2008-06-26 Thread Florian Lindner


Am 26.06.2008 um 18:26 schrieb John Hardin:


On Thu, 26 Jun 2008, Florian Lindner wrote:


Hello,
I use (honestly: I plan) the following procedure to filter my spam  
using SA:


All mails are piped through spamc. (emails for my family and me).  
required_score is set to high value of 9 to avoid false postives.  
Mail which is detected as spam is being deleted.


Refine that a bit. Leave the threshold at 5 so that suspicious  
messages get marked, but delete at a high level (e.g. 10+)


What should be done with marked messages?

All SA filtering is done on the server side. On the client side  
additional filtering is done by statistic filters of Apple Mail and  
Thunderbird.


Now I want to train the server SA filter by moving the junk mails  
(whish have slipped through SA) on the client into an IMAP folder.  
This is done only with the mail I receive, not the one the rest of  
family receive.


Why not let others train? Just give each user training folders.


The rest of family is rather computer agnostic and I'm happy they get  
along with the Thunderbird filter well.


Will this setup cause any problems? I ask because the bayes filter  
I train with only my email is used for all email.


It's better if you train with all users' email. Note that *you* may  
actually be doing the training, but it's still their email.


Another option would be to completely disable the statistic filters  
for my family and leave this completely up to Thunderbird. I would be  
using another SA config with statistics. How to implement this? Is is  
sufficient to use spamc -F nostat.cf with use_bayes 0 in the  
config file and just spamc for me? Are these two spamc invocations are  
seperated from eath other?






Some tools that may help you set things up are available here:

 http://www.impsec.org/~jhardin/antispam/


It's very interesting but way too sophisticated for my situation and  
audience.


Hooking up spamc via procmail, special handling at a given score,  
and training from per-user spam and ham boxes. The only difference  
between what you're suggesting and what I'm doing today is that I  
have two mail servers, one at a hosted site and one at home (fed by  
fetchmail from the hosted server), so I have some extra glue moving  
the training folders from the home server's IMAP folders back out to  
the hosted server where SA runs. All my family have training  
folders, but I pretty much do all the training classification  
whenever I'm doing administrative stuff to their systems.



Regards,

Florian



Re: Train and use bayes on different adresses

2008-06-26 Thread John Hardin

On Thu, 26 Jun 2008, Florian Lindner wrote:



Am 26.06.2008 um 18:26 schrieb John Hardin:


On Thu, 26 Jun 2008, Florian Lindner wrote:

 Hello,
 I use (honestly: I plan) the following procedure to filter my spam using 
 SA:
 
 All mails are piped through spamc. (emails for my family and me). 
 required_score is set to high value of 9 to avoid false postives. Mail 
 which is detected as spam is being deleted.

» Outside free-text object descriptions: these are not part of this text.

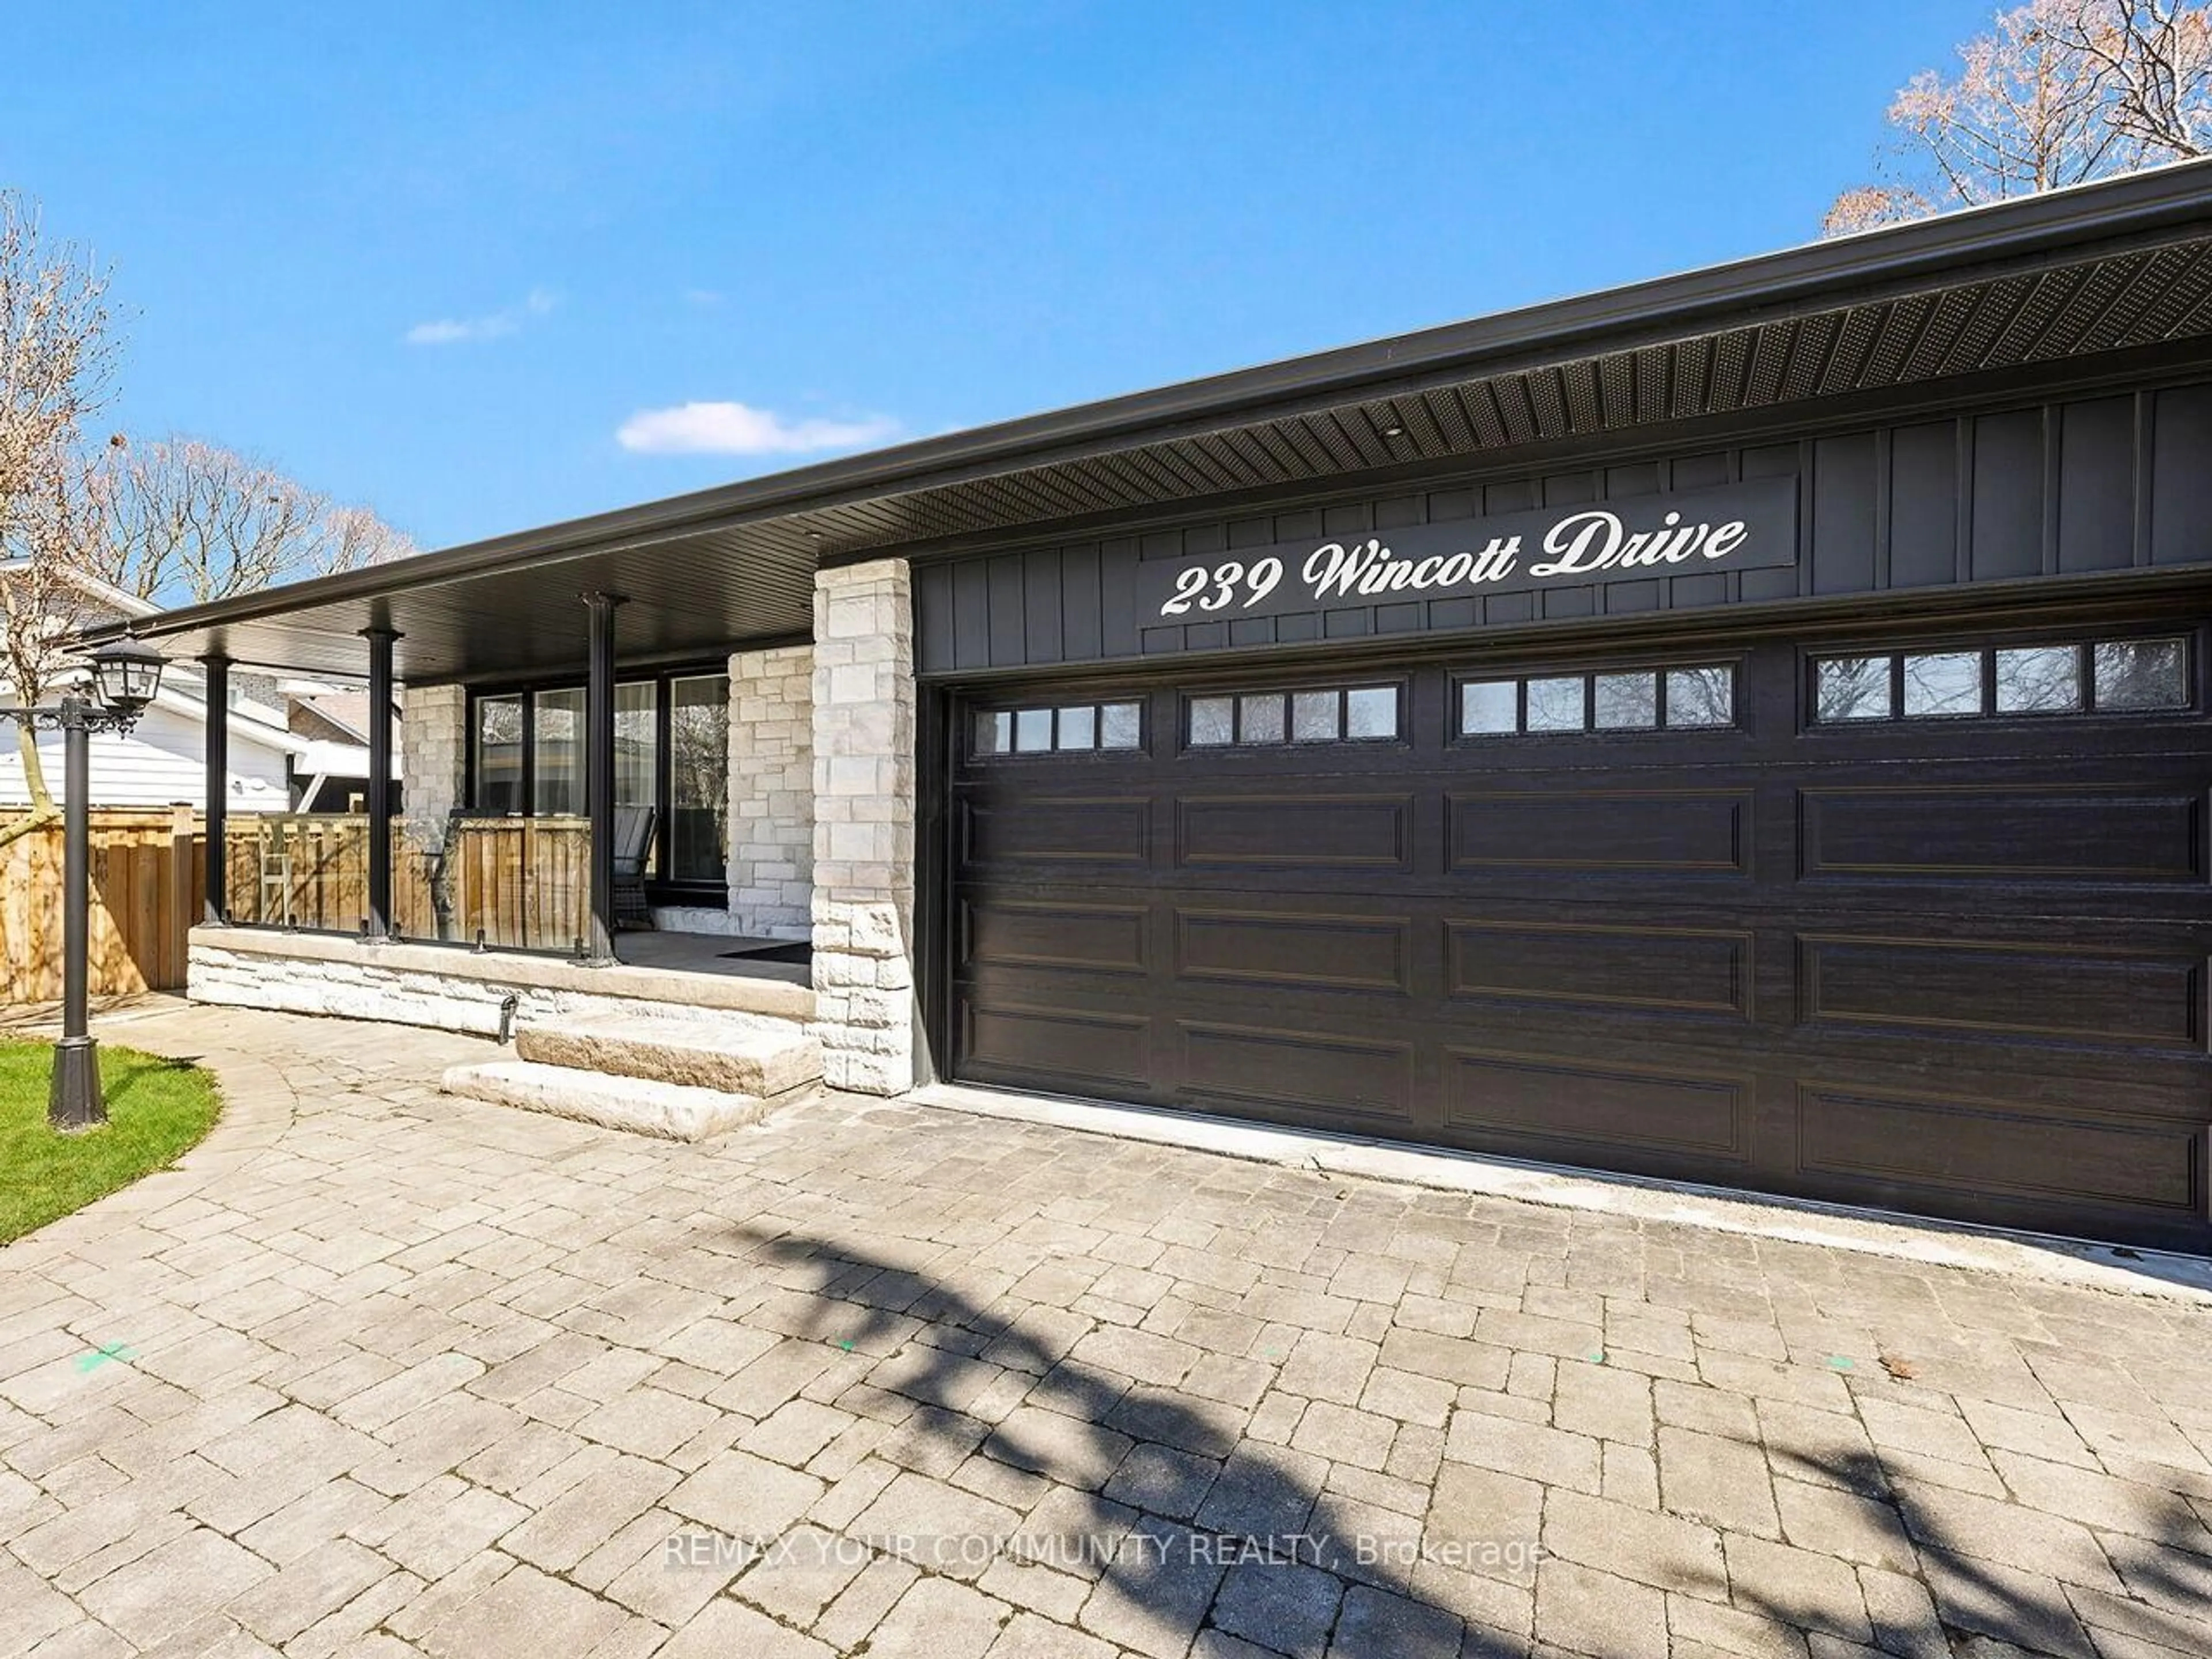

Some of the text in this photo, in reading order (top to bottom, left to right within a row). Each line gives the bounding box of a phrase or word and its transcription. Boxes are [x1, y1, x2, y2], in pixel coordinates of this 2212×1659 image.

[1161, 512, 1748, 616] 239 Wincott Drive
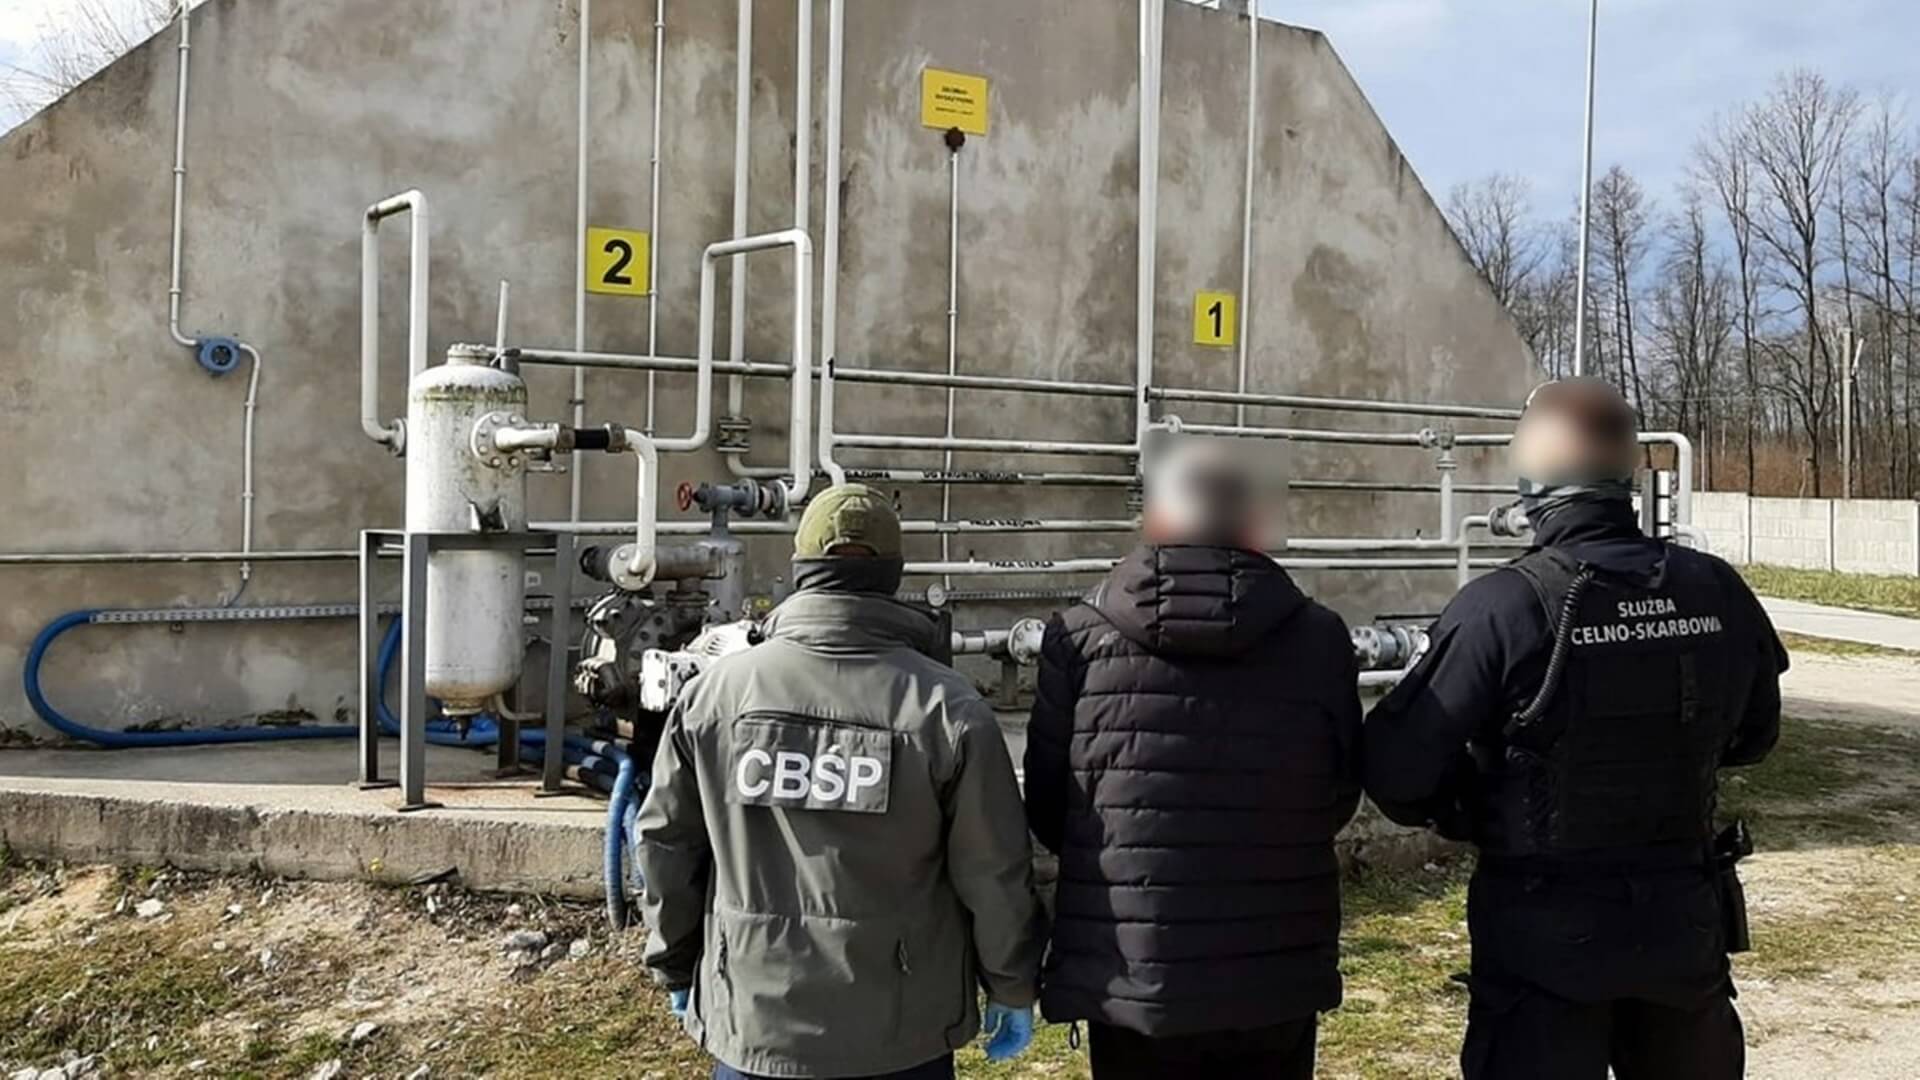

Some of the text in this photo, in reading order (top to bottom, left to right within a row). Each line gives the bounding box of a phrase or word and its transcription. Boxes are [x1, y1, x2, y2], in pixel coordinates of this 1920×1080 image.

[603, 239, 632, 285] 2
[1208, 301, 1221, 337] 1
[1617, 595, 1677, 618] SŁUŻBA
[736, 744, 883, 803] CBŚP
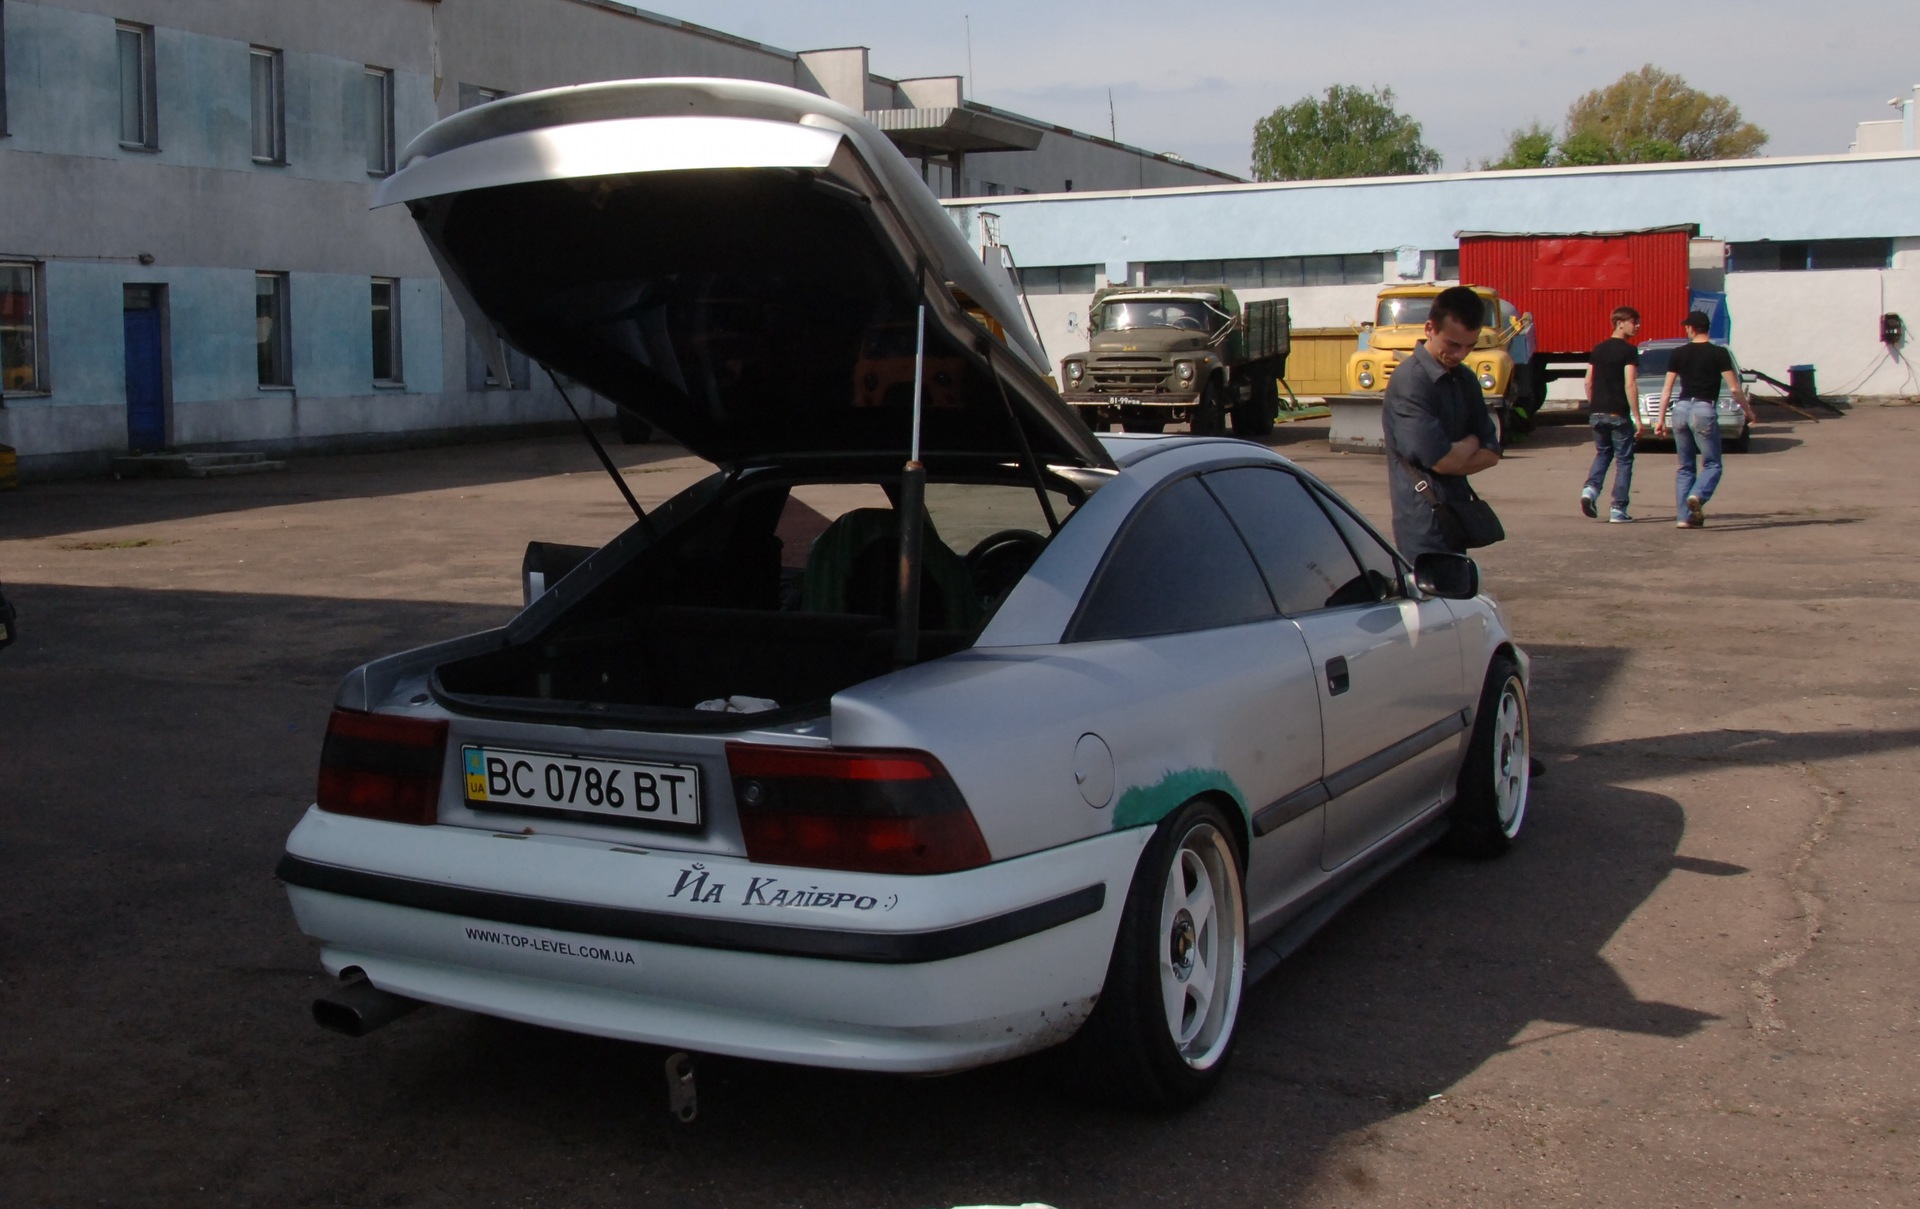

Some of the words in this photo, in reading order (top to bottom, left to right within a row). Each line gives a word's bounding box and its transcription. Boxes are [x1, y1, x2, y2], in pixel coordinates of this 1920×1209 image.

[470, 782, 486, 794] UA
[486, 756, 535, 798] BC
[544, 763, 625, 808] 0786
[634, 771, 685, 815] BT
[465, 927, 635, 965] WWW.TOP-LEVEL.COM.UA

Refine that a bit. Leave the threshold at 5 so that suspicious messages get 
marked, but delete at a high level (e.g. 10+)


What should be done with marked messages?


If they are spam, the user can drop them into their spam training folder - 
the assumption is bayes doesn't recognize them well enough yet, but that 
isn't always the case.


If you want to minimize the number of weak-scores spams that your users 
have to see, and you are less sensitive to FPs (which your original 
proposal suggests) then you'd just delete at a lower score (e.g. 9+ or 
8+).


Generally speaking, it's a bad idea to fiddle with the threshold as all 
the base rulesets are scored by the masscheck process with the assumption 
that 5 is spammy.


 All SA filtering is done on the server side. On the client side 
 additional filtering is done by statistic filters of Apple Mail and 
 Thunderbird.
 
 Now I want to train the server SA filter by moving the junk mails (whish 
 have slipped through SA) on the client into an IMAP folder. This is done 
 only with the mail I receive, not the one the rest of family receive.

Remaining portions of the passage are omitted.